■ TASK TO COMPLETE
Repeat the entries that follow verbatim, without any of their pictures.

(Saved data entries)
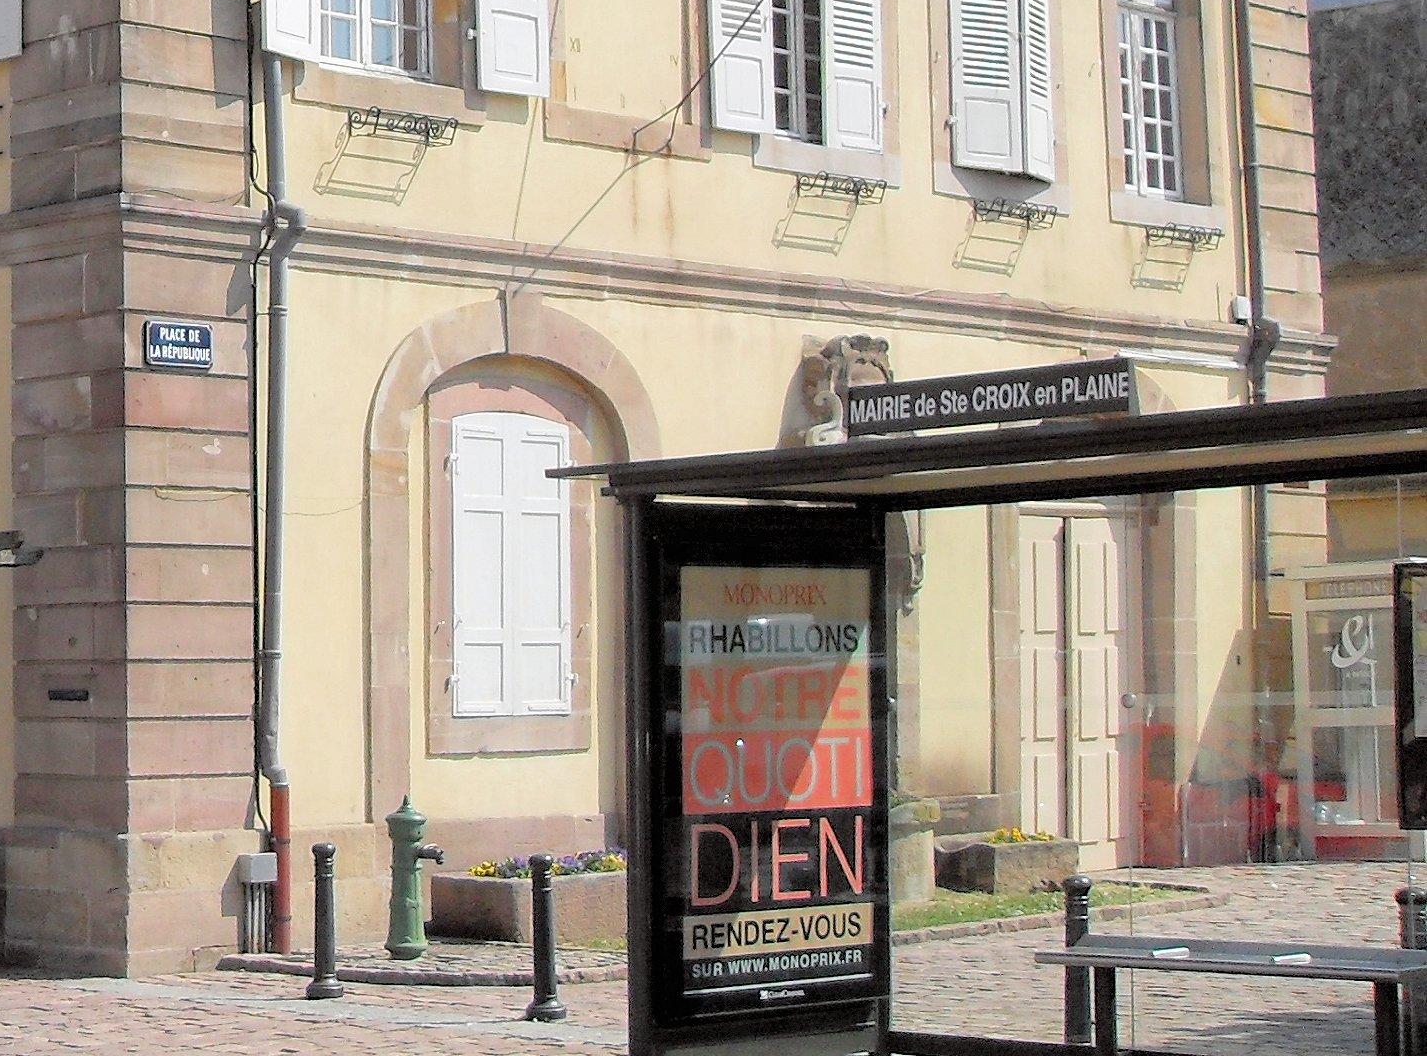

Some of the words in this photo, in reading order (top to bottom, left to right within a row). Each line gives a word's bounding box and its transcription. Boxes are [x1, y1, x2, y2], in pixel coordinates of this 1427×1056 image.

[150, 344, 161, 358] LA
[162, 343, 211, 361] RÉPUBLIQUE
[159, 327, 186, 342] PLACE
[188, 329, 200, 343] DE
[850, 394, 911, 424] MAIRIE
[914, 393, 936, 417] de
[940, 390, 968, 415] Ste
[972, 382, 1031, 412] CROIX
[1035, 384, 1056, 405] en
[1061, 372, 1130, 403] PLAINE
[723, 583, 827, 606] MONOPRIX
[690, 624, 859, 653] RHABILLONS
[688, 665, 862, 724] NOTRE
[689, 736, 864, 807] QUOTI
[690, 815, 865, 907] DIEN
[692, 911, 862, 951] RENDEZ-VOUS
[692, 962, 723, 978] SUR
[728, 949, 862, 975] WWW.MONOPRIX.FR

■ EXERCISE SOLUTION
Some of the words in this photo, in reading order (top to bottom, left to right within a row). Each line gives a word's bounding box and its transcription. Boxes are [x1, y1, x2, y2], in pixel coordinates of this 1427×1056 image.

[150, 344, 161, 358] LA
[162, 343, 211, 361] RÉPUBLIQUE
[159, 327, 186, 342] PLACE
[188, 329, 200, 343] DE
[850, 394, 911, 424] MAIRIE
[914, 393, 936, 417] de
[940, 390, 968, 415] Ste
[972, 382, 1031, 412] CROIX
[1035, 384, 1056, 405] en
[1061, 372, 1130, 403] PLAINE
[723, 583, 827, 606] MONOPRIX
[690, 624, 859, 653] RHABILLONS
[688, 665, 862, 724] NOTRE
[689, 736, 864, 807] QUOTI
[690, 815, 865, 907] DIEN
[692, 911, 862, 951] RENDEZ-VOUS
[692, 962, 723, 978] SUR
[728, 949, 862, 975] WWW.MONOPRIX.FR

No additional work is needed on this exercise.